Mi papá me hizo el favor de evitarme esa decisión; Fui a verlo al salir de casa de Pepa. Estaba tomando su café con queso y un pan duro que rebanaba delgadito.

– ¿Cómo ves lo de la guerra? ¿Nos pasará algo peor que la falta de medias? -le pregunté.

– No pienso vivir para saberlo -contestó.

Hice chistes sobre su habitual pesimismo y me puse a lamentar mi condición de esposa de Andrés Ascencio, comadre de Rodolfo Campos, infeliz que no quería soplarse un discurso larguísimo, leído en el tono de retrasado mental que Fito imprimía a su oratoria en los momentos cumbres.

– Pobre de ti, chiquita -dijo sobándome la cabeza. Ya te irá mejor alguna vez. Te has de encontrar un buen novio.

– Te tengo a ti -le contesté frunciendo la nariz y levantándome a besarlo.

Nos pusimos a juguetear como siempre. Lo acompañé a ponerse la pijama y estuve acostada junto a él hasta que llegó mi madre con cara de ya es muy noche para que andes fuera de tu casa. Ella nunca estaba fuera de su casa después de las cinco de la tarde, menos sin su marido. Yo le resultaba un escándalo. Me levanté.

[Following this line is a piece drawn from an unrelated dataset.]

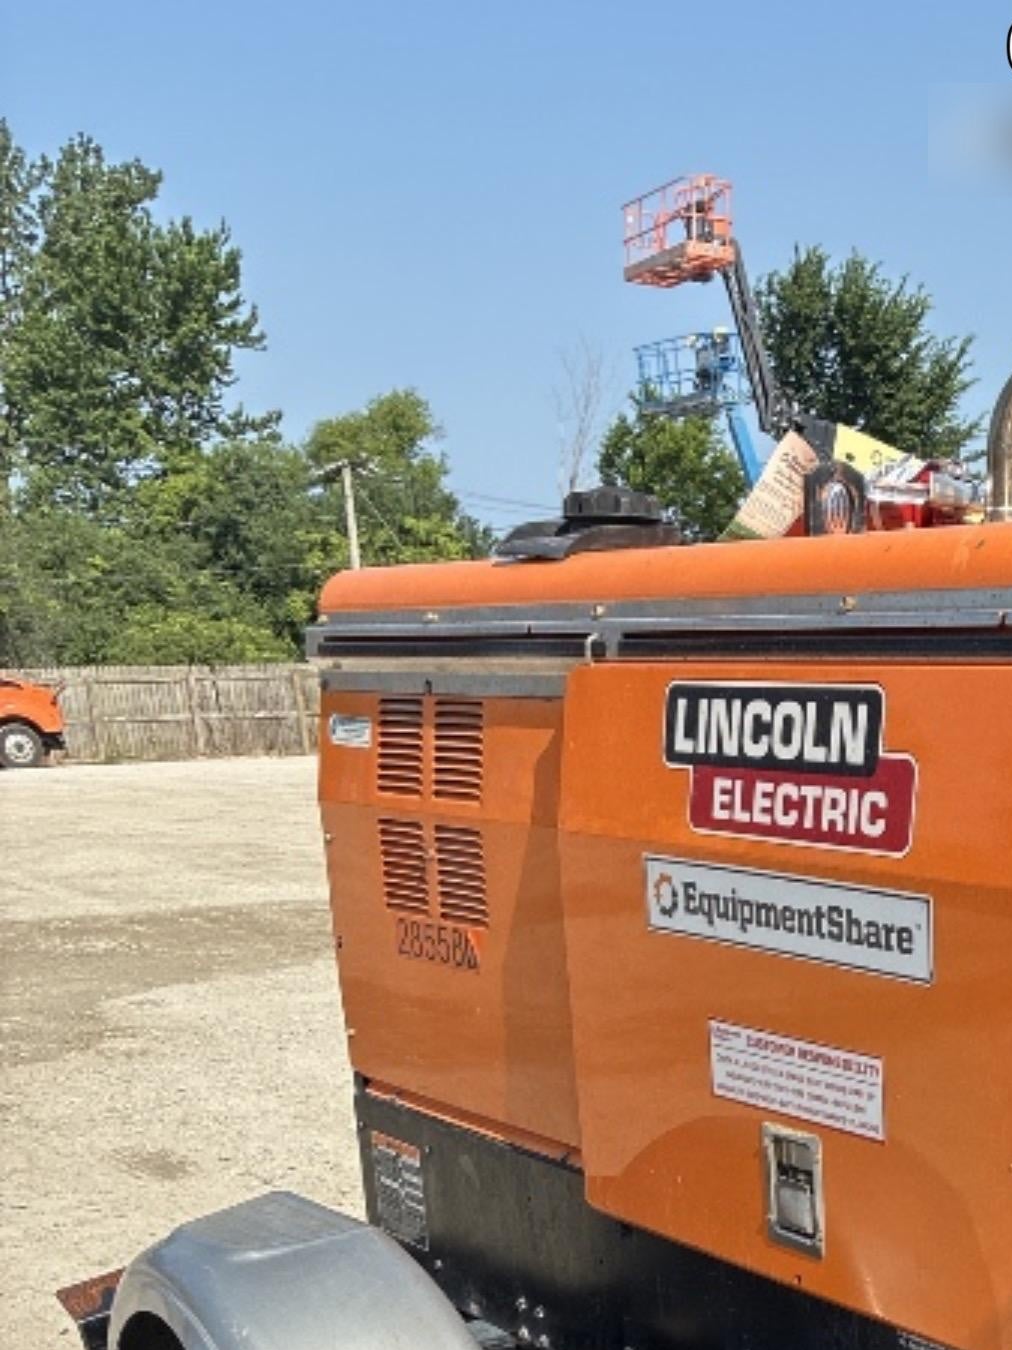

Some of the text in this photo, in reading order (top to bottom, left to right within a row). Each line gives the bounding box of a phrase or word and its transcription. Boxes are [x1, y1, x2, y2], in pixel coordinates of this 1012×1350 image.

[674, 697, 868, 765] LINCOLN
[712, 776, 888, 838] ELECTRIC
[682, 881, 914, 955] EquipmentShare

– No sé qué ponerme mañana -dije.

– Ponte algo negro, siempre es elegante -me contestó Bárbara entrando al cuarto.

– A ver qué encuentro, cuiden a mi novio -pedí.

Tuve que encontrar algo negro. Cuando amaneció, mi papá había muerto.

No me gusta hablar de eso. Creo que todos lo vimos como una traición. Hasta mi madre, que está segura de que lo encontrará en el cielo. Bárbara se encargó de organizar el funeral y todas esas cosas. Yo no me acuerdo qué hice aparte de llorar en público como nunca debió hacerlo la esposa del gobernador. Tampoco sé cómo pasaron los últimos meses de Andrés en el gobierno. Cuando me di cuenta ya vivíamos en México.